[ASSIGNMENT] Would you please give every entry again exactly, without the pictures?

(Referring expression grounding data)
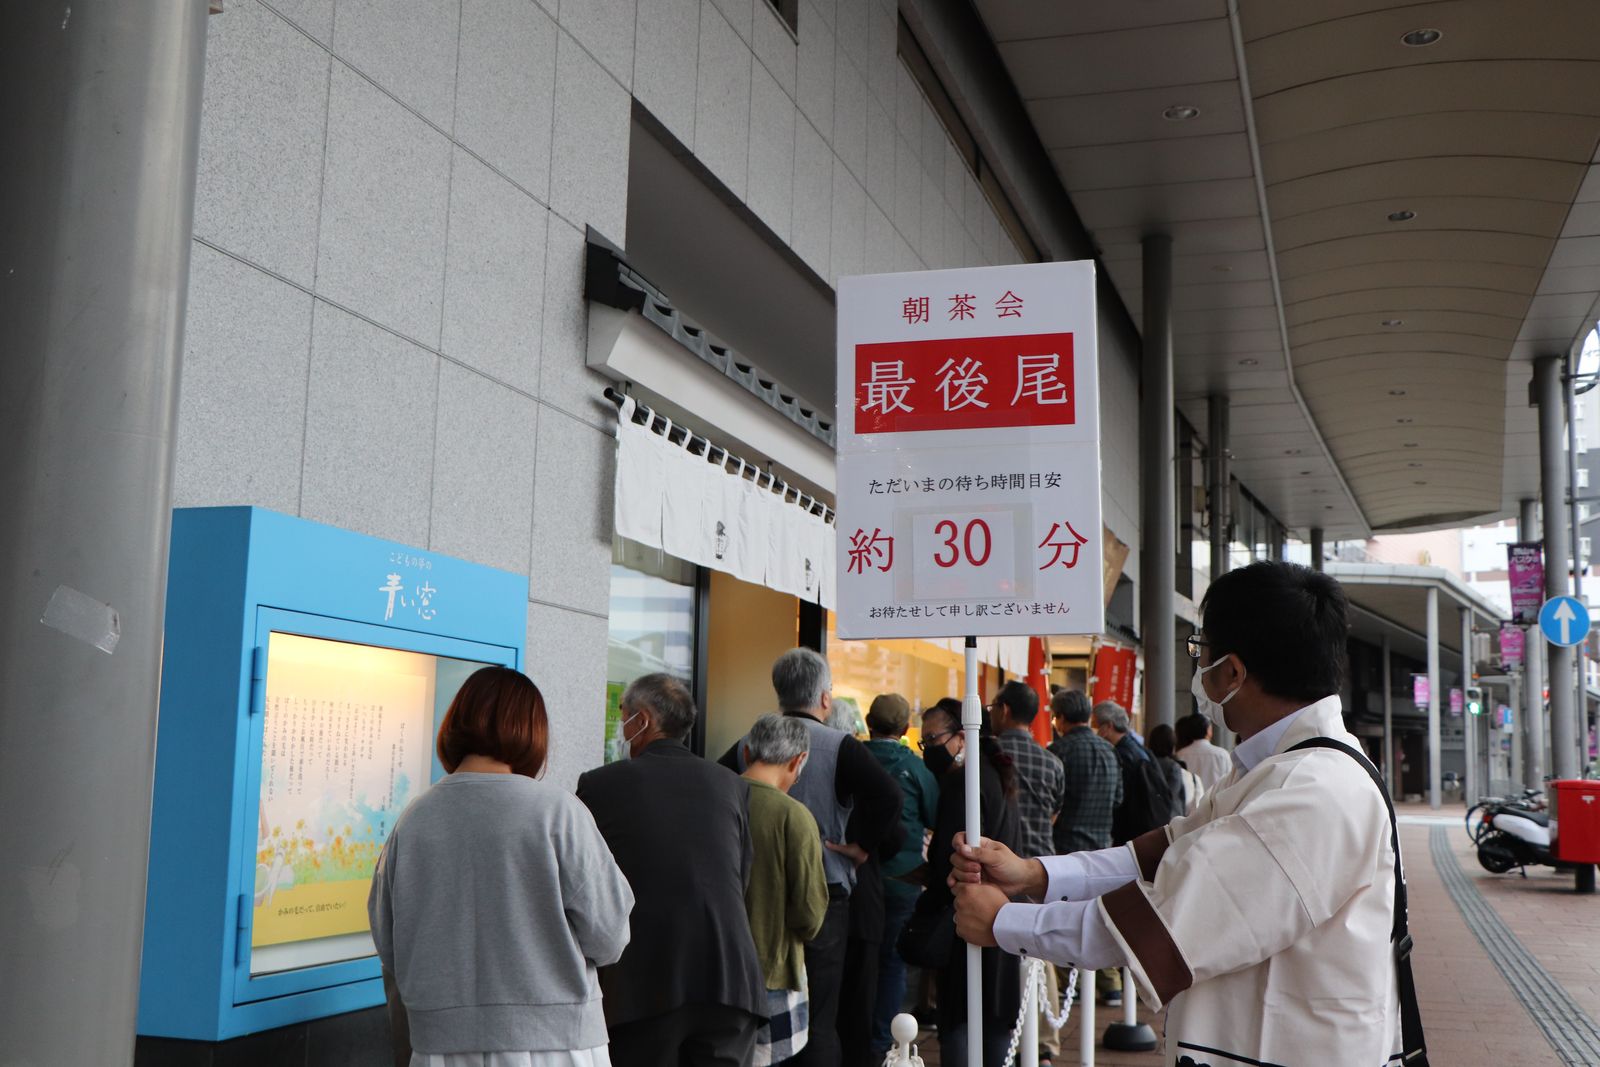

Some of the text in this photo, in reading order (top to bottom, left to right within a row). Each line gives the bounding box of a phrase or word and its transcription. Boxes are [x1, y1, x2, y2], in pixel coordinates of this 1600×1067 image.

[902, 290, 1025, 325] 朝茶会
[860, 352, 1069, 415] 最後尾
[868, 472, 1062, 495] ただいまの待ち時間目安
[846, 527, 895, 575] 約
[933, 518, 993, 569] 30
[1037, 520, 1089, 572] 分
[869, 602, 1071, 620] お待たせして申し訳ございません
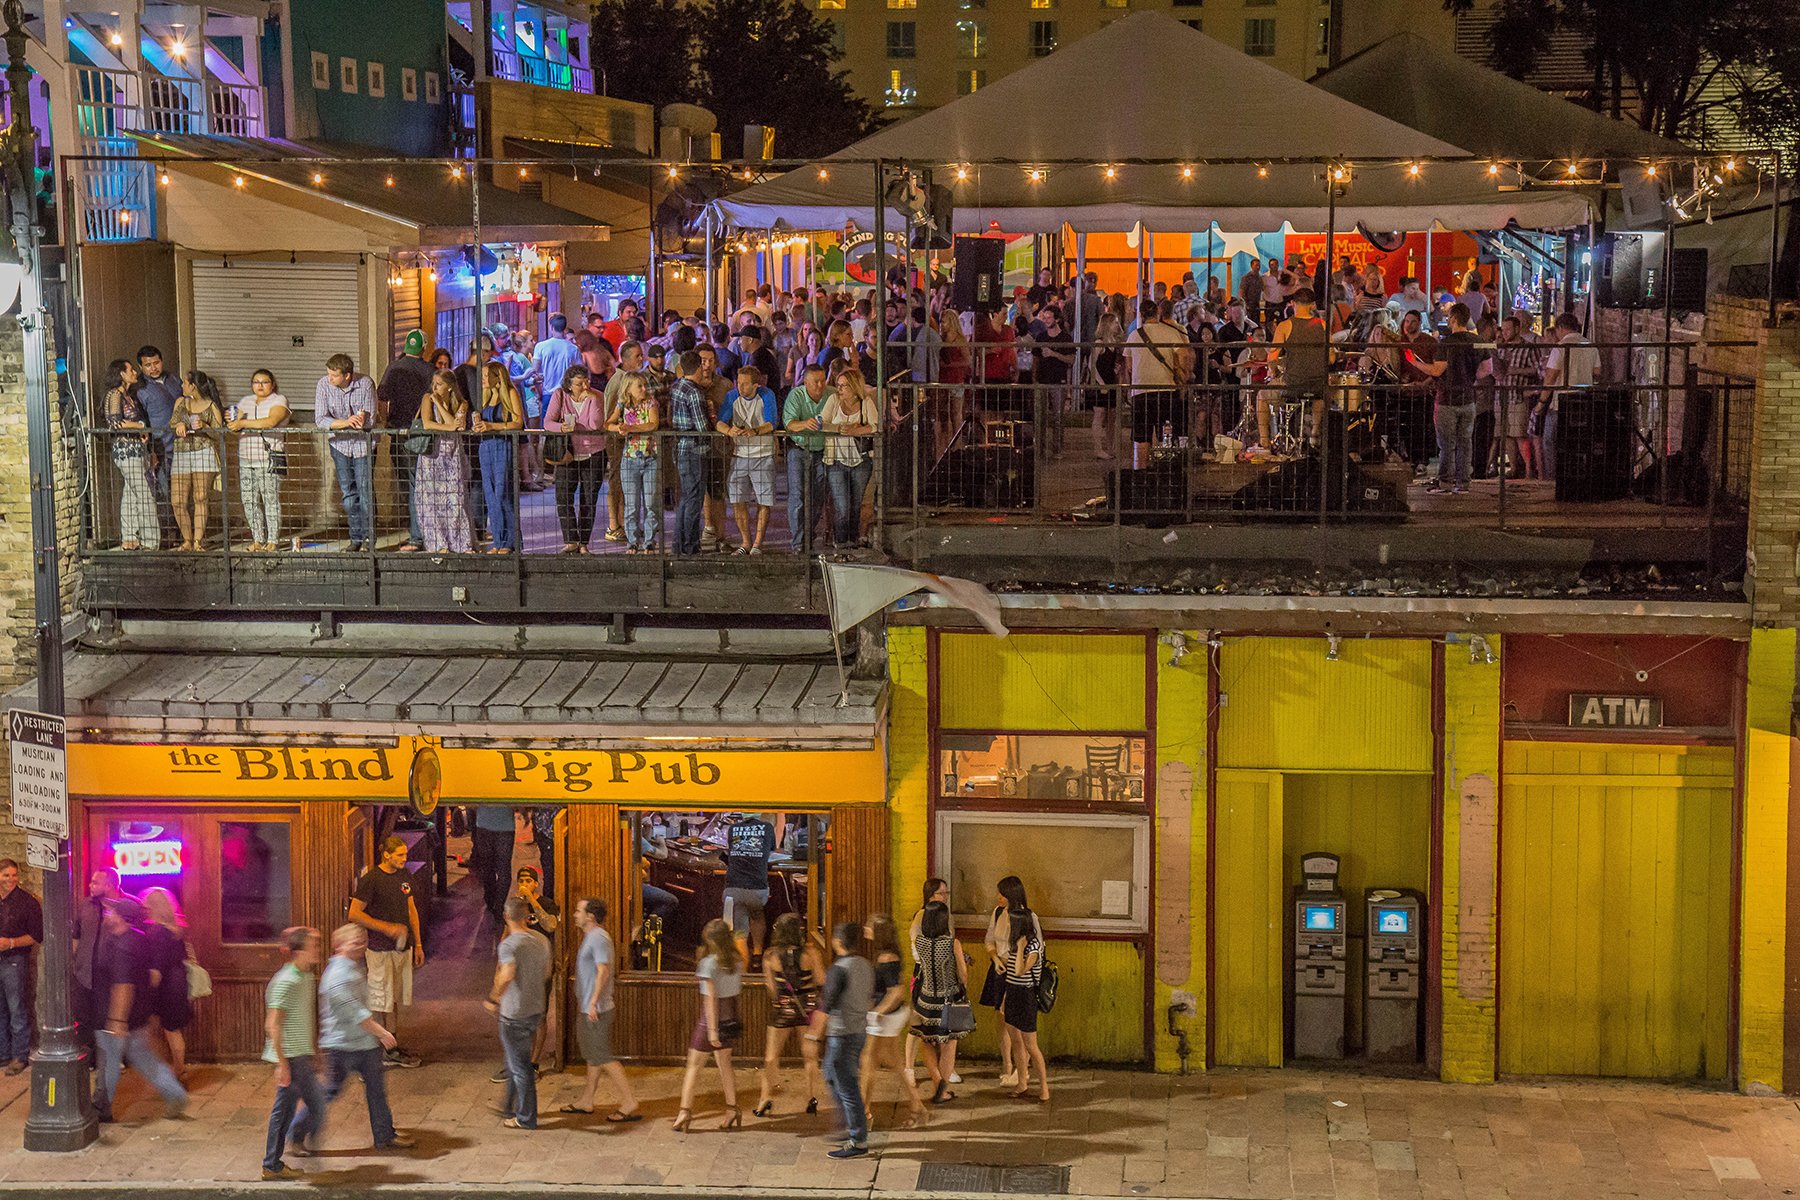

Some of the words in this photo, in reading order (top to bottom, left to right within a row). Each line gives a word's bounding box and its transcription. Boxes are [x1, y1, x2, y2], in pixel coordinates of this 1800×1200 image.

[840, 232, 874, 252] BLIND
[1581, 697, 1650, 726] ATM
[24, 716, 64, 734] RESTRICTED
[36, 731, 54, 745] LANE
[22, 746, 56, 763] MUSICIAN
[13, 763, 46, 779] LOADING
[50, 770, 64, 783] AND
[168, 747, 219, 766] the
[230, 746, 394, 782] Blind
[496, 750, 593, 793] Pig
[601, 750, 721, 786] Pub
[19, 782, 60, 800] UNLOADING
[14, 813, 36, 826] PERMIT
[39, 818, 66, 834] REQUIRED
[114, 845, 182, 868] OPEN

[ANSWER BOX]
Some of the text in this photo, in reading order (top to bottom, left to right within a row). Each line gives the bounding box of a phrase or word and its transcription. Boxes are [x1, y1, x2, y2], in pixel coordinates of this 1600×1067 image.

[902, 290, 1025, 325] 朝茶会
[860, 352, 1069, 415] 最後尾
[868, 472, 1062, 495] ただいまの待ち時間目安
[846, 527, 895, 575] 約
[933, 518, 993, 569] 30
[1037, 520, 1089, 572] 分
[869, 602, 1071, 620] お待たせして申し訳ございません

Some of the words in this photo, in reading order (top to bottom, left to right within a row). Each line gives a word's bounding box and its transcription. Boxes are [x1, y1, x2, y2], in pixel coordinates of this 1800×1200 image.

[840, 232, 874, 252] BLIND
[1581, 697, 1650, 726] ATM
[24, 716, 64, 734] RESTRICTED
[36, 731, 54, 745] LANE
[22, 746, 56, 763] MUSICIAN
[13, 763, 46, 779] LOADING
[50, 770, 64, 783] AND
[168, 747, 219, 766] the
[230, 746, 394, 782] Blind
[496, 750, 593, 793] Pig
[601, 750, 721, 786] Pub
[19, 782, 60, 800] UNLOADING
[14, 813, 36, 826] PERMIT
[39, 818, 66, 834] REQUIRED
[114, 845, 182, 868] OPEN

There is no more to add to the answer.